Rich Man’s War, Poor Man’s Fight

When I was 17 years-old, Abraham Lincoln became the President of America. I lived in Pennsylvania, in a modest shack-like house with my 6 younger sisters, 2 younger brothers, and my parents. I could see the shell-shocked look on my mother’s face as the news made it’s apathetic passage through the household.

“Did he win?” My dad suffered from a loss of hearing, and the doctor said it ain’ t comin’ back any time soon. That wasn’t the only thing, he had an awful cough. Sometimes me and lil’ Lucy (my younger sister, she was 13) would bet on how many coughs dad would do in a day, I would always bet less than 50, she would bet less than 75; she always won.

Maybe, I always bet lesser in the hopes that it go down one day.

My mother rushed to get supper ready and evaded dad’s question, that’s cause he did win. And she knew exactly what that meant. I didn’t ask to be born poor, in fact I doubt anybody did. I quietly ate my supper and tried to leave as Lucy sat patiently counting today’s coughs, 62,63,64…

To be honest, that’s all I remember of that day…

October 12 1863, also known as my 20th birthday. My mother was hopelessly prancing around the shack getting my old t-shirts together and fiddling in my drawers for my hair comb. With Dad already sent off 3 years ago, Mom was always tired and empty, and dear God I didn’t want her to go through it again…I prayed for the war to have ended by then. Sometimes things don’t go your way, especially if you’re poor.

“All men, ages 20 and now to 45 shall be legible as draftees for the war”

I remember taking my sorry excuse for a luggage and drudging it past the semi-constructed road. I barely remember the conversation two women held in a shoppe nearby.

“I heard Jameson’s son turned 20 today”

“Poor boy, my husband was lamenting on and on about how he only wished he could give 300 to the poor folk, but you know our son is at the age of 17 himself, and you never know how the circumstances might…”

Those were the last of my memories as I sat by a building ten times my size, but as equally broken as me. Shot in my legs, bullets wedged right in the knees, I sat waiting and counting. I would be lucky, they said, if I found my father in the battlefield. I disagree. Seeing my father on the dust ridden earth floor, abdomen throwing up more blood than the deer we hunted in the summer of ’54, I disagree. He coughed. One, I counted. You didn’t hear a single other thing out of his mouth.

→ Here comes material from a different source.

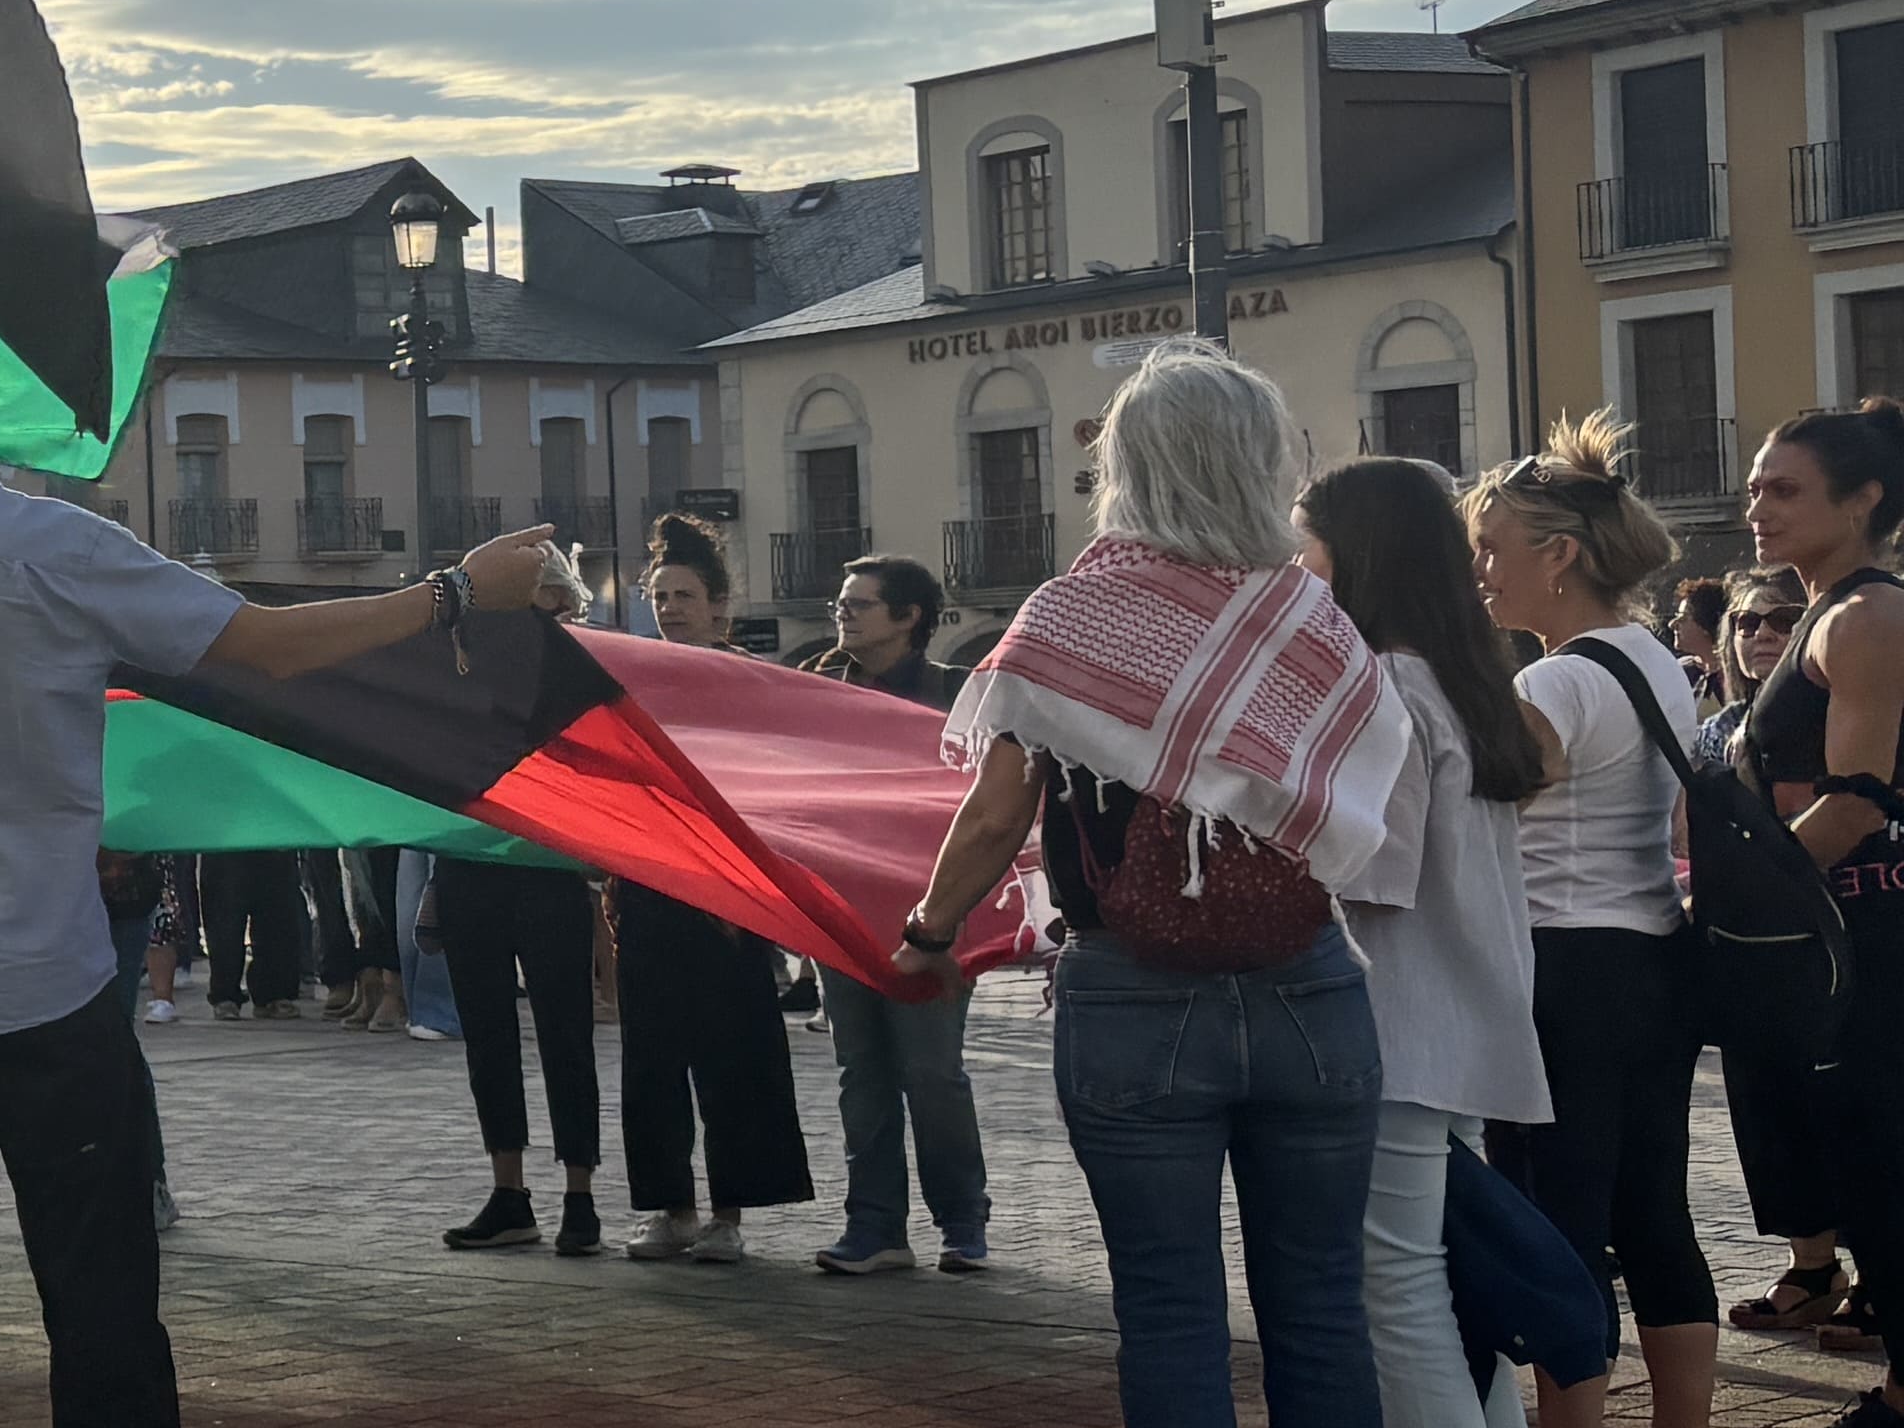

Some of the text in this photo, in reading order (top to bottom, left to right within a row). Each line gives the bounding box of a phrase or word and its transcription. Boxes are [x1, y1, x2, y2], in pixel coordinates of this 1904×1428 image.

[908, 288, 1289, 364] HOTEL AROI BIERZO AZA

“Lucy, you’ve finally lost.”

Maybe that day, I realized something. Maybe I realized how I’d become the slave to a country whose aristocrats boasted of abolitionism, but enchained the poor to bid their dirty work instead. Maybe, right before I was sent home from the War of Freedom due to the complete immobility of my legs, I realized that I was finally free from it.

“Three hundred, or your legs” I responded to the women in the shoppe, 2 years too late.